Tüfek, 5 tur için tasarlanmış kutu dergileriyle donatıldı. Mağaza ayrılmazdı, klipsten açık bir cıvata veya ayrı kartuşlarla yüklendi. Tüfek ile birlikte, 20. yüzyılın ilk yarısında ABD Ordusunun ana tüfek kartuşu olan.30-06 Springfield kartuşu (7, 62x63 mm) kullanıldı. Kartuş bugün çok popüler ve yaygın olmaya devam ediyor, ancak zaten bir av mühimmatı ve atış sporu için bir kartuş olarak. Tüfeğin beyan edilen atış hızı dakikada 20 mermiye kadardı, elbette, dikkatli nişan almayı neredeyse unutabilirsiniz. Danimarkalıların kendilerinin diğer ortak mühimmat için bir tüfek üretmeye hazır olduklarını, ancak hiçbir zaman emir almadıklarını belirtmekte fayda var.

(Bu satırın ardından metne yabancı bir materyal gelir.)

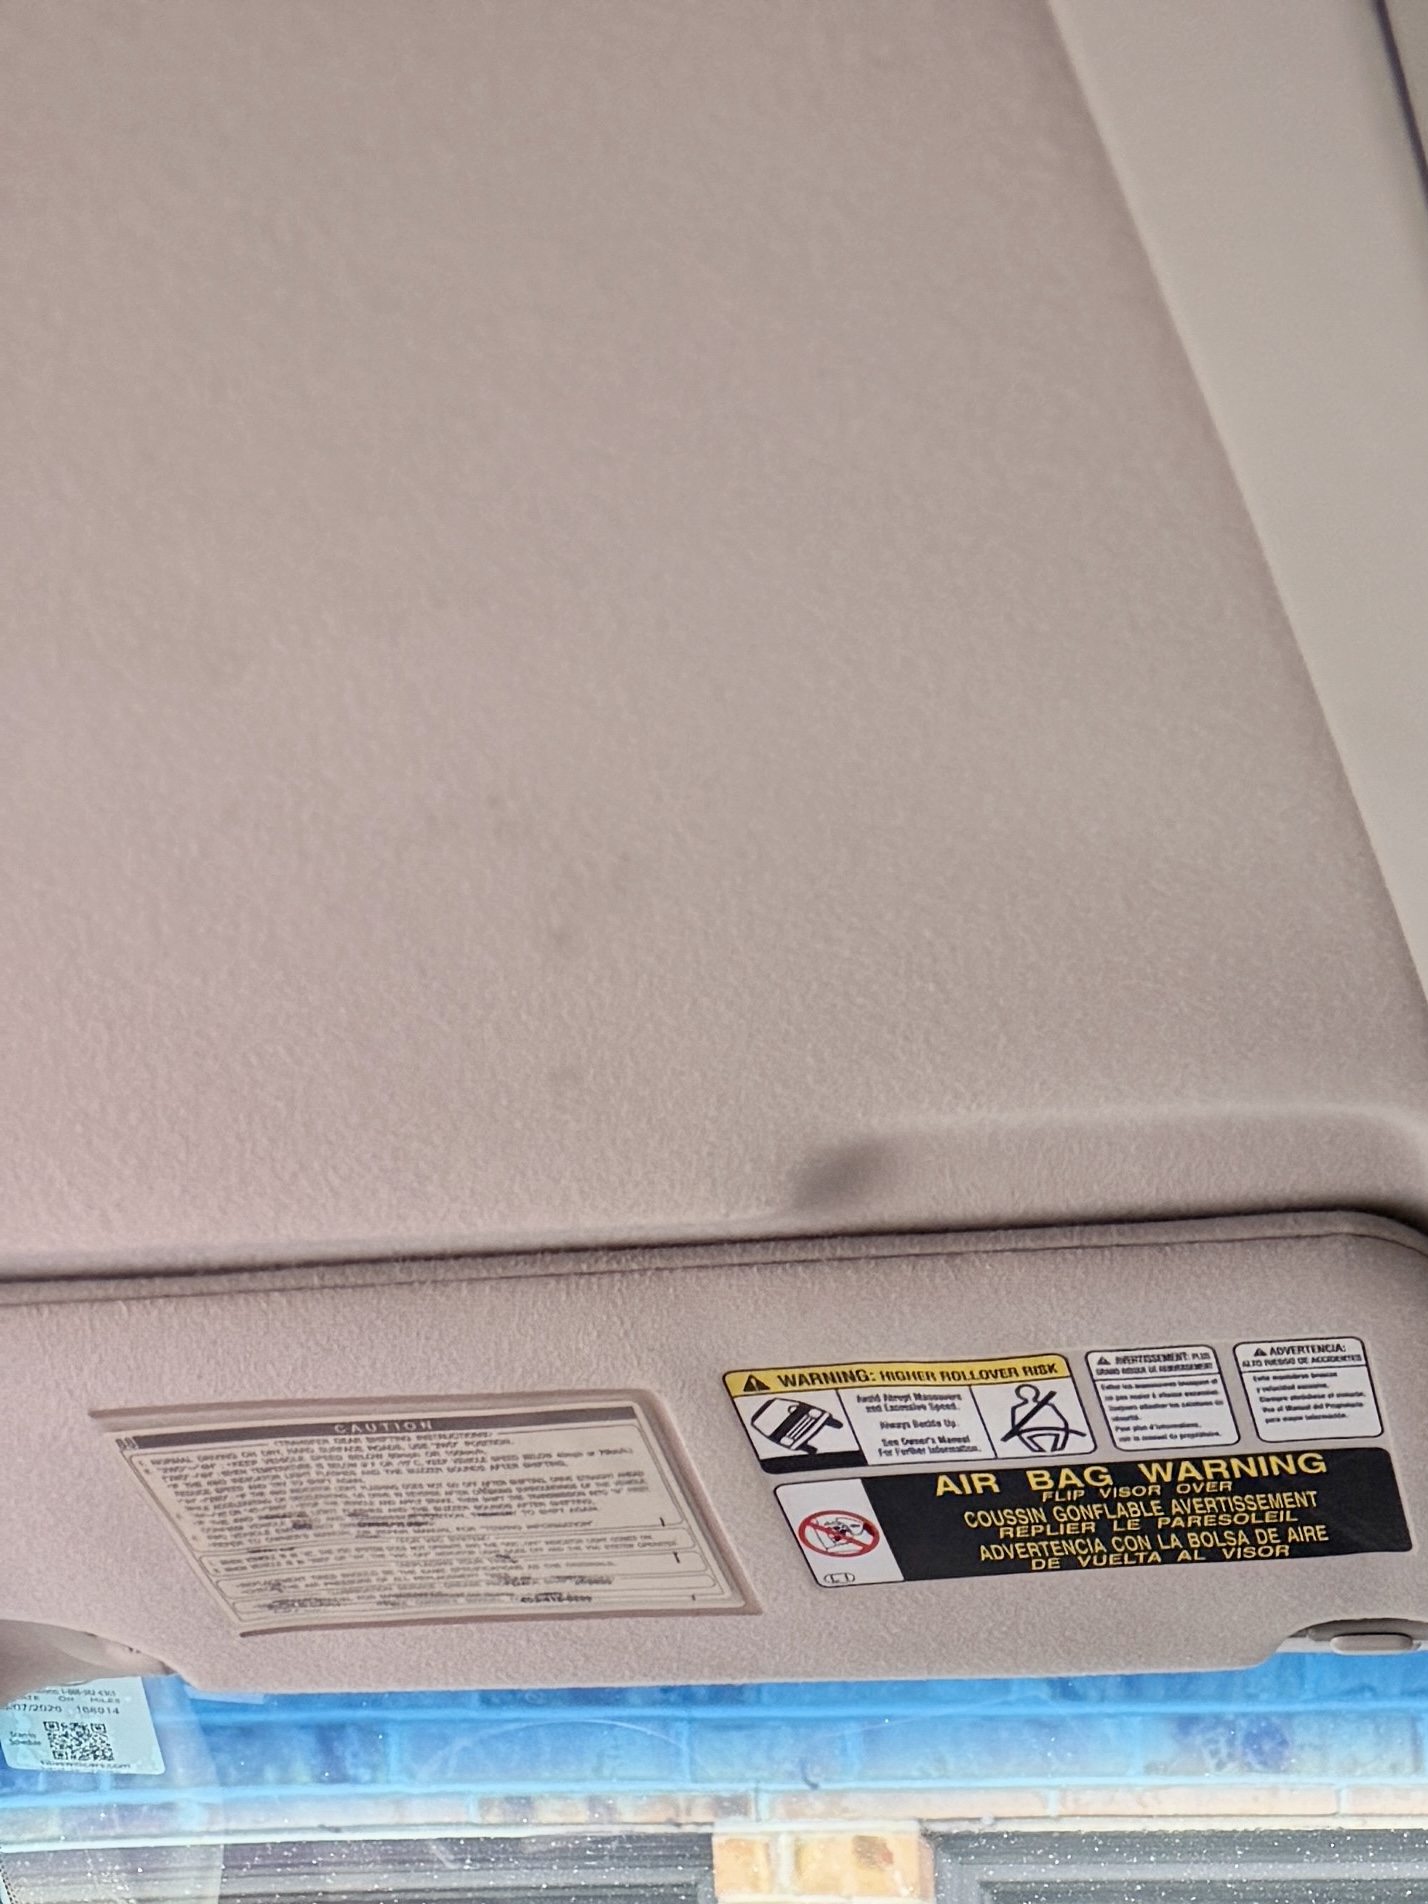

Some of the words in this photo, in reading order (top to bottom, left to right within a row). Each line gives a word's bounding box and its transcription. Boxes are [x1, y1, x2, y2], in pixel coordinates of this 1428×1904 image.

[777, 1369, 876, 1388] WARNING:
[880, 1369, 937, 1383] HIGHER
[941, 1366, 1019, 1382] ROLLOVER
[1021, 1363, 1059, 1377] RISK
[334, 1421, 433, 1434] CAUTION
[936, 1472, 1000, 1497] AIR
[1027, 1466, 1113, 1491] BAG
[1139, 1453, 1327, 1484] WARNING
[1043, 1488, 1084, 1502] FLIP
[1100, 1484, 1161, 1499] VISOR
[1176, 1481, 1232, 1494] OVER
[964, 1505, 1047, 1528] COUSSIN
[1053, 1501, 1163, 1523] GONFLABLE
[1171, 1490, 1318, 1516] AVERTISSEMENT
[999, 1521, 1096, 1539] REPLIER
[1113, 1518, 1140, 1532] LE
[1158, 1511, 1300, 1530] PARESOLEIL
[980, 1538, 1103, 1561] ADVERTENCIA
[1112, 1535, 1152, 1553] CON
[1158, 1533, 1185, 1550] LA
[1187, 1529, 1248, 1548] BOLSA
[1255, 1527, 1281, 1544] DE
[1287, 1524, 1329, 1542] AIRE
[1031, 1557, 1061, 1571] DE
[1077, 1551, 1163, 1568] VUELTA
[1177, 1549, 1204, 1562] AL
[1222, 1544, 1290, 1559] VISOR
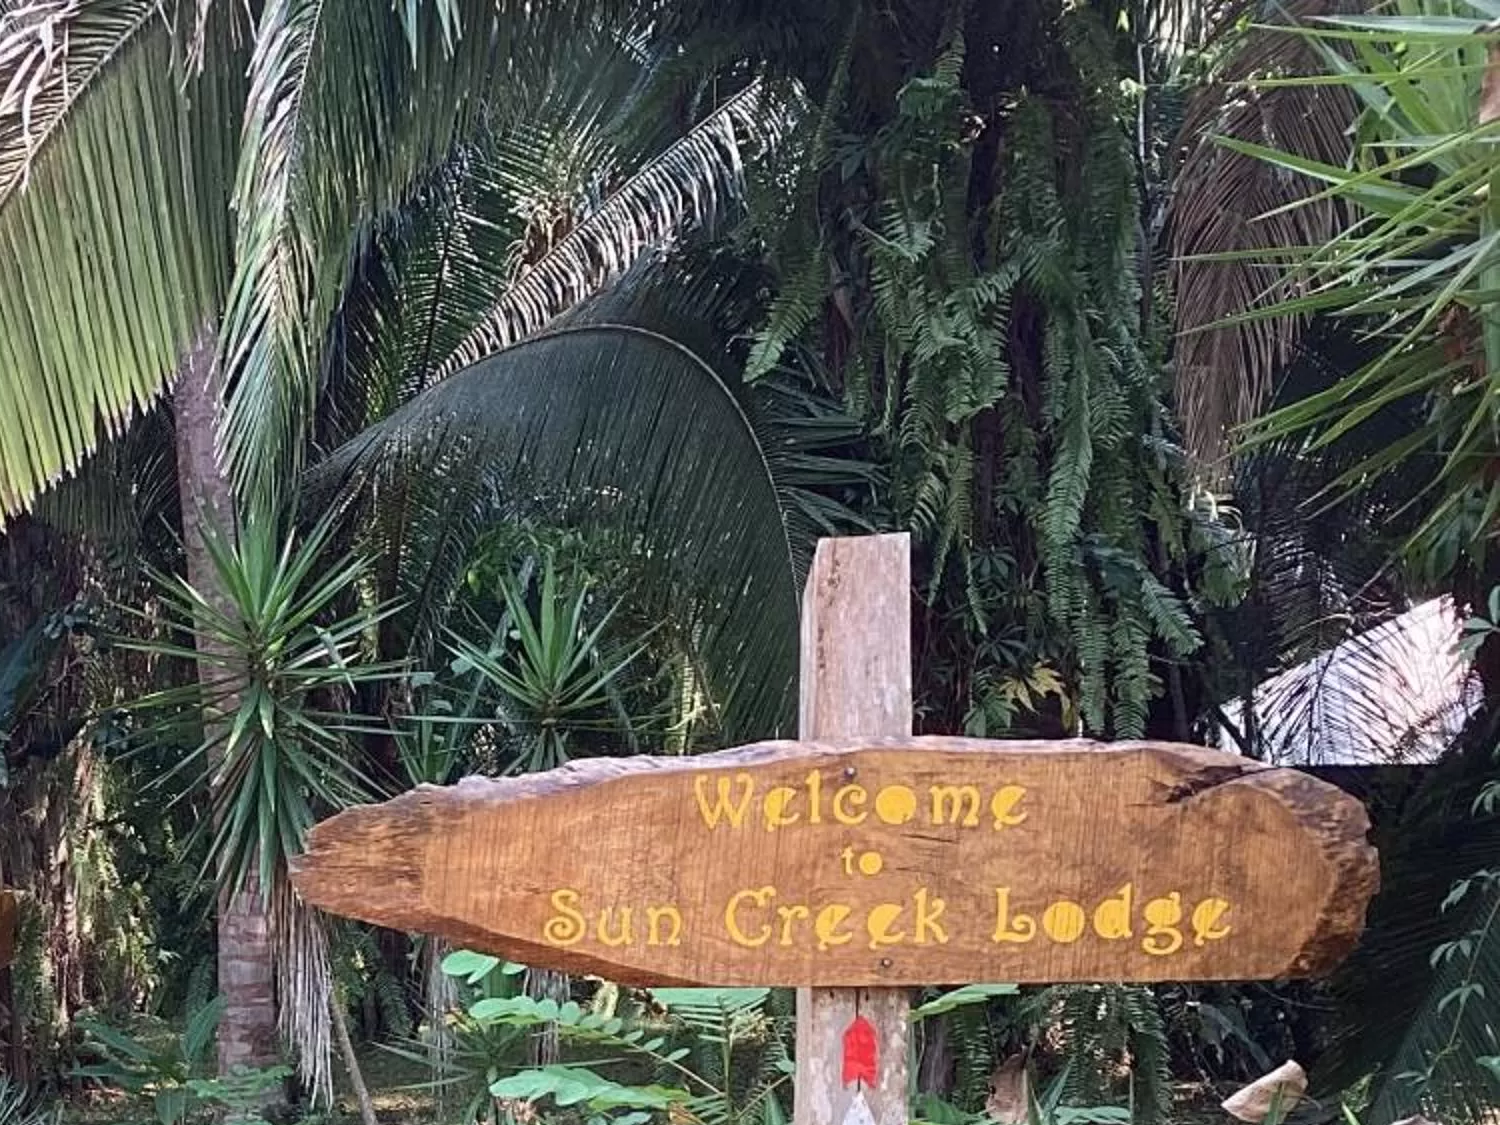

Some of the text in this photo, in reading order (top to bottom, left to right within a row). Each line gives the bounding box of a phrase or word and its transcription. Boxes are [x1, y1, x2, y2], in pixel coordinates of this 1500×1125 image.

[694, 769, 1029, 832] Welcome
[841, 846, 884, 876] to
[543, 882, 1233, 956] Sun Creek Lodge
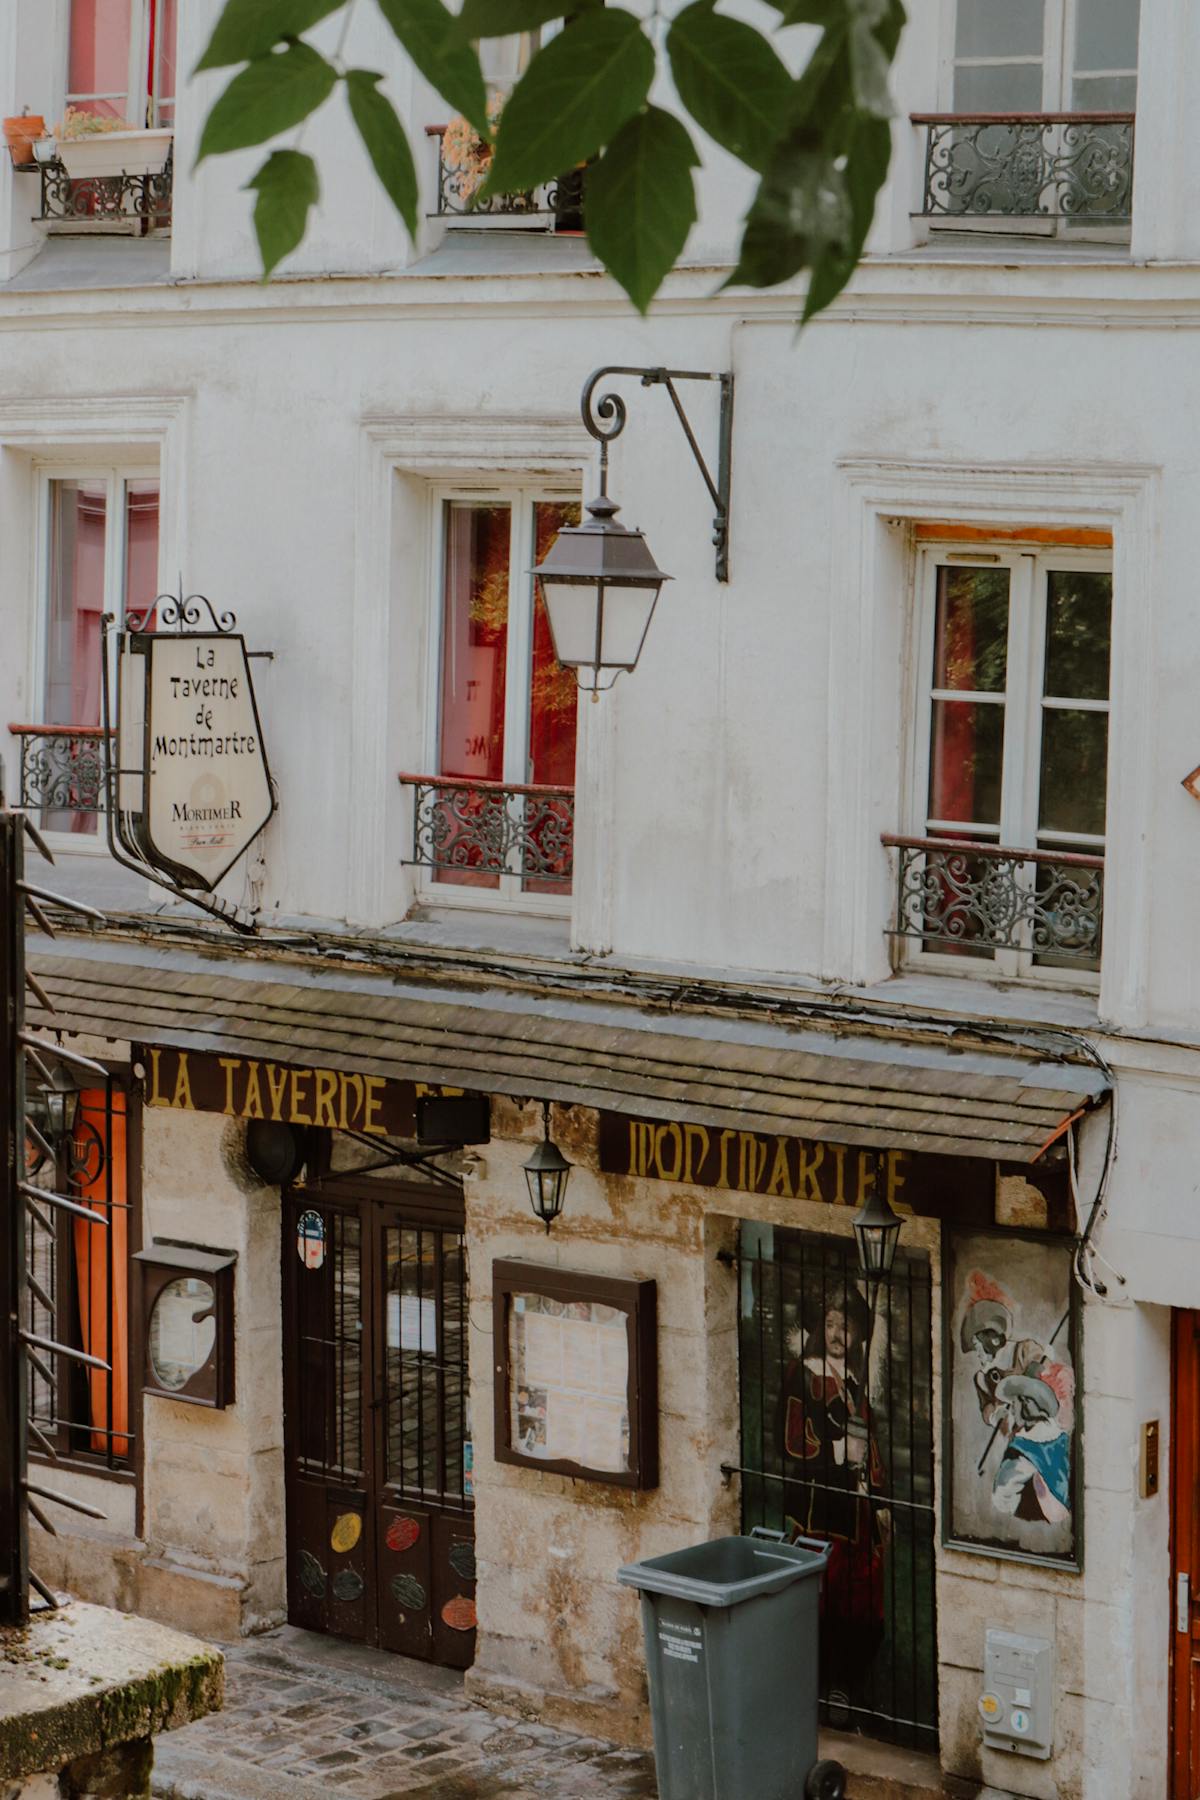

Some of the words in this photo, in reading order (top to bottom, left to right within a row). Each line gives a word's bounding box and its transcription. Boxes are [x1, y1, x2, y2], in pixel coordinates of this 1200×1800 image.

[196, 646, 215, 669] La
[170, 676, 239, 699] Taverne
[195, 703, 213, 730] de
[152, 732, 256, 760] Montmartre
[146, 1049, 195, 1109] LA

Tüm tüfekler standart açık tip manzaralar ve onu hasardan koruyan bir halkaya yerleştirilmiş bir ön görüş aldı. Açık görüş, 100 ila 900 metre mesafeden ateş etmek için işaretlere sahipti. Doğal olarak, hedefi 900 metre mesafeden vurmak kolay değildi, ancak tüfeğe optik nişangahlar takıldığında, böyle bir görev oldukça uygulanabilir hale geldi. Normalde, Madsen 1947 model hafif piyade tüfeğinin tüm modelleri bir kemer ve bir süngü bıçağı ile donatılmıştı.

Bir epilog yerine

Madsen model 1947 tüfeği, 15-20 yıl sonra ortaya çıkan küçük silahların çok güzel bir örneğidir. Bu kayıp zaman, modelin pazarda hak ettiği yeri almasına izin vermedi. Aynı zamanda, bu silahın tüm sahipleri tüfek hakkında yalnızca olumlu konuşur. Tüfek, iyi ve iyi düşünülmüş bir tasarıma, çok kaliteli bir montaja ve ayrıca modelin önemli bir avantajı olan düşük ağırlığa sahiptir. Hafifliği, bu cıvatalı piyade tüfeğini av tüfekleriyle aynı seviyeye getirerek, kullanıcının her türlü arazide kilometrelerce yürüyüş yapmasına olanak tanır.

resim
resim

Okları ve bu tür tüfeklerin güvenliğini vurgulayın. Birçoğu silahlı kuvvetlerde pratik olarak kullanılmadığından, bize gelen örneklerin güvenliği çok yüksektir. Tüfeklerden çok az ateş ettiler, askerlerin elinde değildiler, düşmanlıklara ve saha çıkışlarına katılmadılar, bu nedenle bugün uzmanlar Madsen model 1947'yi mevcut tüm dergi tüfek modelleri arasında en iyi korunmuş olanlardan biri olarak adlandırıyorlar. cıvata. Doğru, piyasaya sürülen serinin küçük hacmi göz önüne alındığında, böyle bir silah elde etmek o kadar kolay değil. Sıradan dükkanlarda bir tüfek bulamazsınız, model sadece ara sıra çevrimiçi açık artırmalarda görünür. Ayrıca, bu tür tüfeklerin fiyatı genellikle 1.000 doları aşıyor.